In the wild, orangutans tend to be loners, and therefore it was believed that they lacked a ''system of socially transmitted behavior.'' But after studying various orangutan populations in Borneo and Sumatra, the authors of the Science article concluded that some of them did indeed show signs of having taught each other stuff. They had learned how to masturbate with sticks, for example -- male and female alike -- and to make ritual ''raspberry'' noises at bedtime before scaling into their nests. They had also mastered the art of creating funny sounds by blowing into leaves, and of catching rides in Robert Frost fashion, by swinging on bent-over tree snags. This is all it takes -- a few useless but highly amusing tricks -- to promote you into the highest rank of primates: the elite group that also includes chimpanzees, most likely bonobos and gorillas and of course us -- the naked apes, to use Desmond Morris's label.

Morris was the British zoologist who in 1967, when most scientists and philosophers were still trying to draw distinctions between man and beast, shocked everyone by declaring that Homo sapiens, hairlessness notwithstanding, was still an ape and thought and behaved like one. ''Behind the facade of modern city life there is the same old naked ape,'' Morris wrote. ''Only the names have been changed: for 'hunting' read 'working,' for 'hunting grounds' read 'place of business' . . . for 'pair bond' read 'marriage.' '' Our biggest problem, Morris added, is that man prides himself on having the biggest brain of all the primates ''but attempts to conceal the fact that he also has the biggest penis, preferring to accord this honor falsely to the mighty gorilla . . . and it is high time we examined his basic behavior.''

In Morris's analysis, much of that behavior consisted of trying to deal with the cruel contradictions of pair-bonding and gorillalike hypersexuality.
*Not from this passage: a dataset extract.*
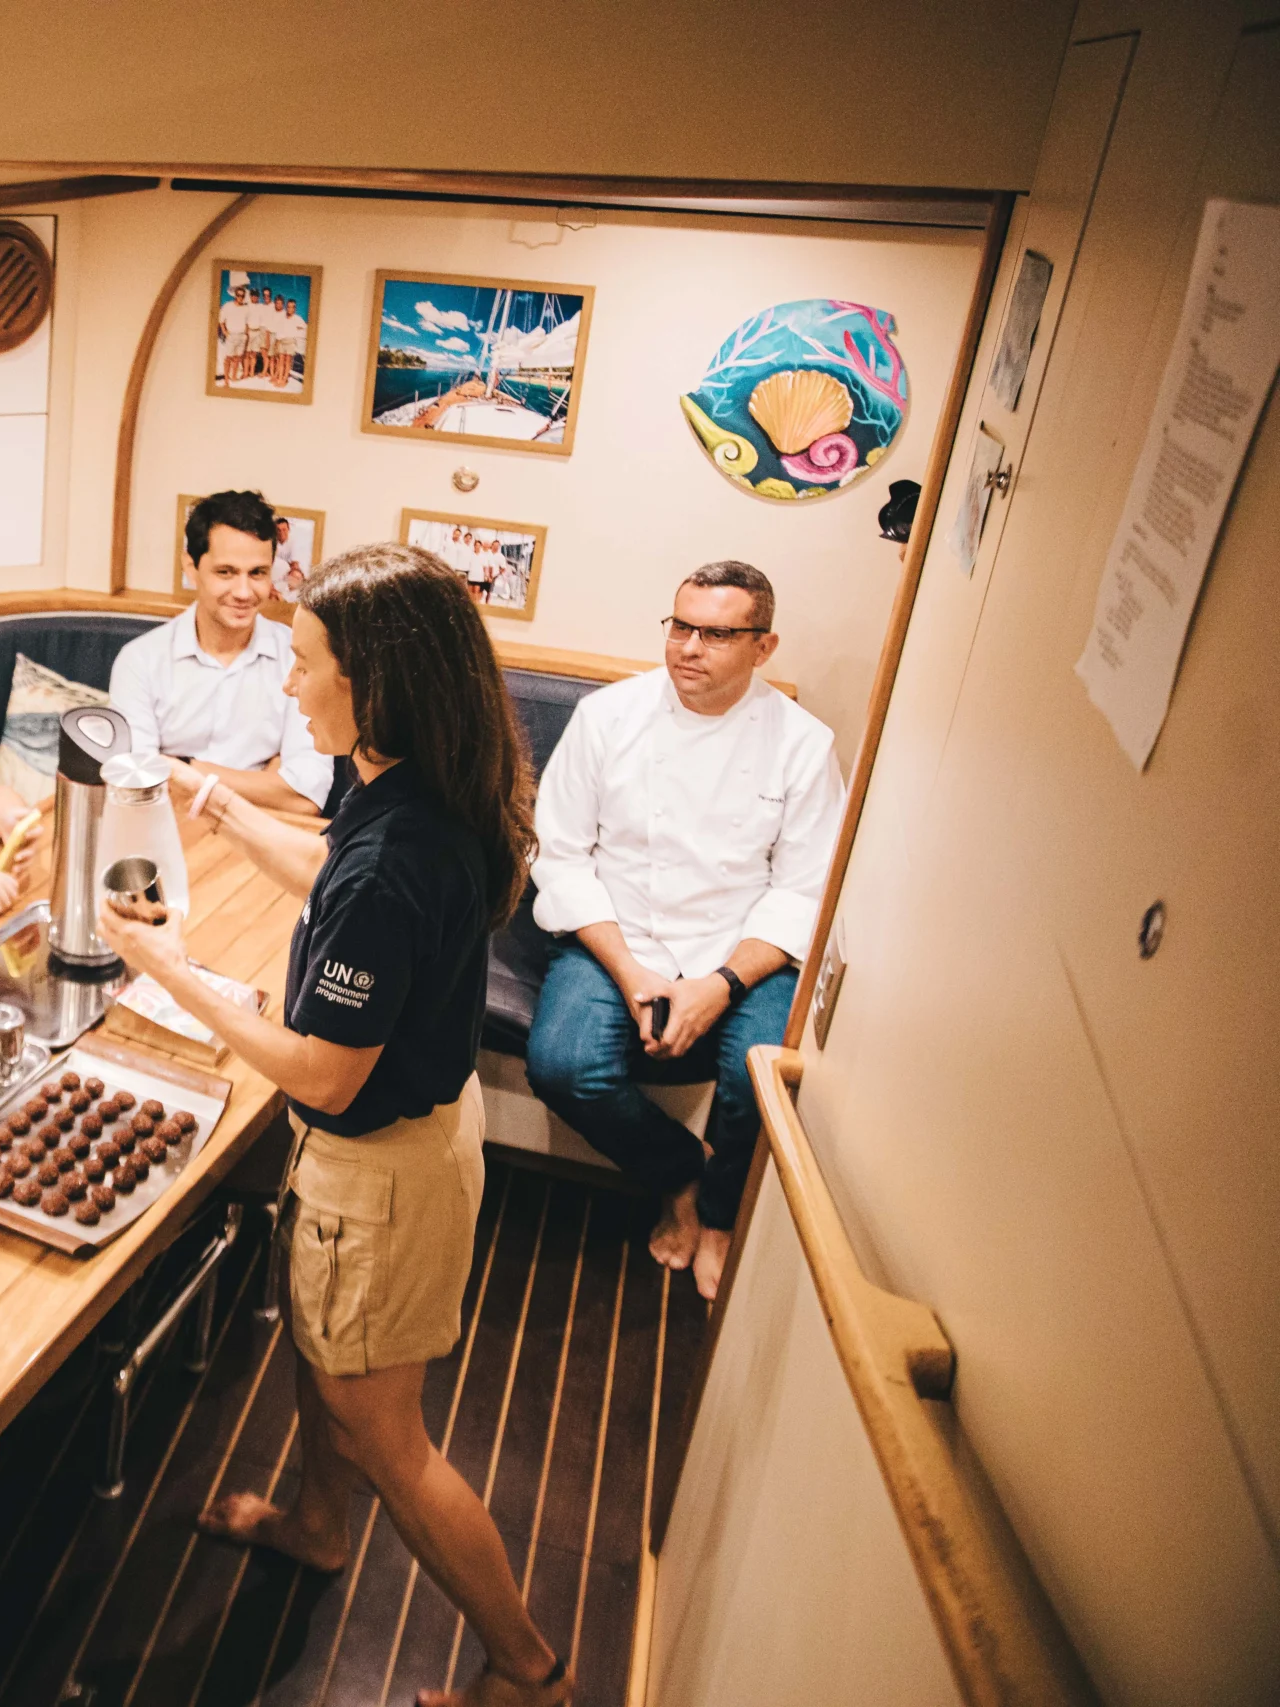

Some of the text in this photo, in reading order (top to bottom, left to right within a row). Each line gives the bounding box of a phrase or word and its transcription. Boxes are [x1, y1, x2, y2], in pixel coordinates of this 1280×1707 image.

On one hand, we wanted to retain a single mate, so we became exquisitely and inventively sensual; we turned the female breasts into substitutes for the buttocks and figured out how to have frontal intercourse. (This is the epochal moment memorialized by Rae Dawn Chong and Everett McGill in ''Quest for Fire,'' the 1981 movie on which Morris served as a consultant.) On the other hand, we couldn't be going ape (sexually speaking) all the time, so we had to invent deodorant and the unspoken prohibition against looking people in the eye on the subway.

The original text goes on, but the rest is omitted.